そして、確かめてみると『彼女』の後ろ脚は曲がっていた。
それもひどい曲がり方をしている。
『彼女』は白毛という奇跡の毛色を身に纏っていたが、その反面サラブレッドには絶望的な脚曲がりの持病も身に纏ってしまったのだ。
『彼女』の脚の曲がりに気付いて言葉を失っていた彼等は、ある決断を迫られる。
脚の切断である。
後ろ脚があんなに、しかも両方曲がっている。
『彼女』は身体のバランスが悪く、切断しなければ命に関わる事態なのだ。
幸いな事に『彼女』は牝馬である。
たとえ【競走馬】として走れなくても【母親】としてやっていくことができる。
若い命を絶やさない為にも彼等は切断の決意をした。
手術の準備をする彼等を見て母親は自分の娘の置かれている立場を理解した。
悲しみから鳴こうとしたが、娘にかせられた運命を受け入れるかのように、口を紡ぎ、ただじっと一点を見つめていた。

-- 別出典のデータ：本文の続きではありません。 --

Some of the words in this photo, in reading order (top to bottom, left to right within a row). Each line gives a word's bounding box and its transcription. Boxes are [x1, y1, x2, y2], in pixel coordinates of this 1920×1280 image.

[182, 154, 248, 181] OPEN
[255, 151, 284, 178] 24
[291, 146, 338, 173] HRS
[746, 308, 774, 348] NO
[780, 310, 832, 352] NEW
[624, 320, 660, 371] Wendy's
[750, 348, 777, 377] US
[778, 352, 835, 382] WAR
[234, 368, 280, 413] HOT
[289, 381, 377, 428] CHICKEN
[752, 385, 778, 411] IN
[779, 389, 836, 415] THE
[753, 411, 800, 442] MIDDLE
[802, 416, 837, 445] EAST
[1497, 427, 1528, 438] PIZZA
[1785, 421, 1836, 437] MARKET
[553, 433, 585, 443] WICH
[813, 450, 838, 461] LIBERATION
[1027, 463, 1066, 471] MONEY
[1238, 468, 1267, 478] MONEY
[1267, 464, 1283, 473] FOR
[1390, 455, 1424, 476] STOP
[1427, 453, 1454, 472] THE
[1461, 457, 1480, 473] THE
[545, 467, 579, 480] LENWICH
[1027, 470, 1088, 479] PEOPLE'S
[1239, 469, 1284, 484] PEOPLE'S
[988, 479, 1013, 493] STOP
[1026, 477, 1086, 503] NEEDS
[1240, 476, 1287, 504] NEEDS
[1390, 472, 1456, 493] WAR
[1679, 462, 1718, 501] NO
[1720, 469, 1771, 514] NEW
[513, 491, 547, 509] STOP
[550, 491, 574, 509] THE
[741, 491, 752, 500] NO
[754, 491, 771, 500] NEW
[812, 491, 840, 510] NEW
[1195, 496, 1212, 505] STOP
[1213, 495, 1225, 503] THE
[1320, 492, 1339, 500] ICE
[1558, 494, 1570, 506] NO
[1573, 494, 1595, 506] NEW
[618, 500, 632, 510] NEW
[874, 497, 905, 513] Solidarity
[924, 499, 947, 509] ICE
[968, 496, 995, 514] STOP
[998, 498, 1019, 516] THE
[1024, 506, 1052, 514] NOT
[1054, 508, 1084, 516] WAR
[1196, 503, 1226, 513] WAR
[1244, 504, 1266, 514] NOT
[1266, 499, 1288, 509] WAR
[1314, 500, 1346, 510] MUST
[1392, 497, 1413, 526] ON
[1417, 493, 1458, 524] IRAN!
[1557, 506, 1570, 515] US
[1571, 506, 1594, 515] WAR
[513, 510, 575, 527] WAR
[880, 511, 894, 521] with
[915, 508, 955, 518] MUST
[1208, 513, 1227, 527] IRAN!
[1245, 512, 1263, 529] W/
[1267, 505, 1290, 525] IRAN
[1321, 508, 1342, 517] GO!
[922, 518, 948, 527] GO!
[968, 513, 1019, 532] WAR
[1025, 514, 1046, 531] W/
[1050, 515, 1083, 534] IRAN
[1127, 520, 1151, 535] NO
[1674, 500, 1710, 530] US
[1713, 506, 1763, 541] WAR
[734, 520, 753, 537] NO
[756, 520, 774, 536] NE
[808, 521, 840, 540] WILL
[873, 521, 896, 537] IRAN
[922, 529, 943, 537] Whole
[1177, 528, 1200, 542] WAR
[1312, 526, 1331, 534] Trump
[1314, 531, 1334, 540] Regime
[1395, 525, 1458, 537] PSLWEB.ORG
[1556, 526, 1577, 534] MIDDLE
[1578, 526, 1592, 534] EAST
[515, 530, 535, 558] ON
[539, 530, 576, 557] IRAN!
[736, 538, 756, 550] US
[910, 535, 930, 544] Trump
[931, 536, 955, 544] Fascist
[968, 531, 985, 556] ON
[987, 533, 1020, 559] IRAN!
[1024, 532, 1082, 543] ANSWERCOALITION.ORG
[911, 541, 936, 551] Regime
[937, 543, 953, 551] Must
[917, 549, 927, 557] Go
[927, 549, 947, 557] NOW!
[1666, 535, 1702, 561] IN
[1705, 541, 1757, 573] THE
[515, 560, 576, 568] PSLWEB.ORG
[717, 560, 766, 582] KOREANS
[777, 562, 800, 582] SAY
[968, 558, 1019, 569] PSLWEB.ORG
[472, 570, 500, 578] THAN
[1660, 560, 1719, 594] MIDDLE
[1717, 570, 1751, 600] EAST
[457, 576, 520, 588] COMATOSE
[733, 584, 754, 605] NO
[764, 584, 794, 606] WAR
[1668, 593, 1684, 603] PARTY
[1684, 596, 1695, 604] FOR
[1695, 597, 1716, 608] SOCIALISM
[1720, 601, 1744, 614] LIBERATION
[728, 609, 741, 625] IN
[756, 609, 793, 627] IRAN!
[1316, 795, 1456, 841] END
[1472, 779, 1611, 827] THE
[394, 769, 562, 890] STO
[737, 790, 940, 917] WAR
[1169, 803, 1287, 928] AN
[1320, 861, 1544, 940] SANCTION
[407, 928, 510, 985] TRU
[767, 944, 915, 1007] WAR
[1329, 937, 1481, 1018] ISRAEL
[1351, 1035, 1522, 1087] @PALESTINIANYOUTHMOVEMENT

獣医・厩務員・母親、やむおえない状況を受け入れようとする中、『彼女』の目は光を失っていなかった。
『彼女』も自分の置かれている状況は理解していた。前脚に体重を移動させて後ろ脚を庇っていた。
『彼女』はまだ競走馬になることを諦めていなかった。
それを察した厩務員の娘が一言…
《私が治す!》
その言葉に皆驚愕した。
そして、獣医は間髪入れずに言葉を返した。
《確かにここまで曲がった脚でも治して競走馬にすることはできる。》
《しかしそれには有り得ないほどの激痛に耐えなければならない…無理だ…》
獣医は今までに何頭かひどく脚の曲がった馬を治そうとしたことがあった。
しかし、一頭も最後まで激痛を伴う治療に耐えれた馬はいなかった。
それを知っている獣医は断固として反対した。
そして、厩務員の娘まで諦めの気持ちになった…その時、『彼女』は曲がった脚を引きずりながら歩き、厩務員の娘の側に行き、娘に向かって鳴いた。
《『彼女』は競走馬になりたがってる。》
獣医達はすぐさまそれを理解し、治療する準備を始めた…
それと同時に厩務員の娘はある決断をする…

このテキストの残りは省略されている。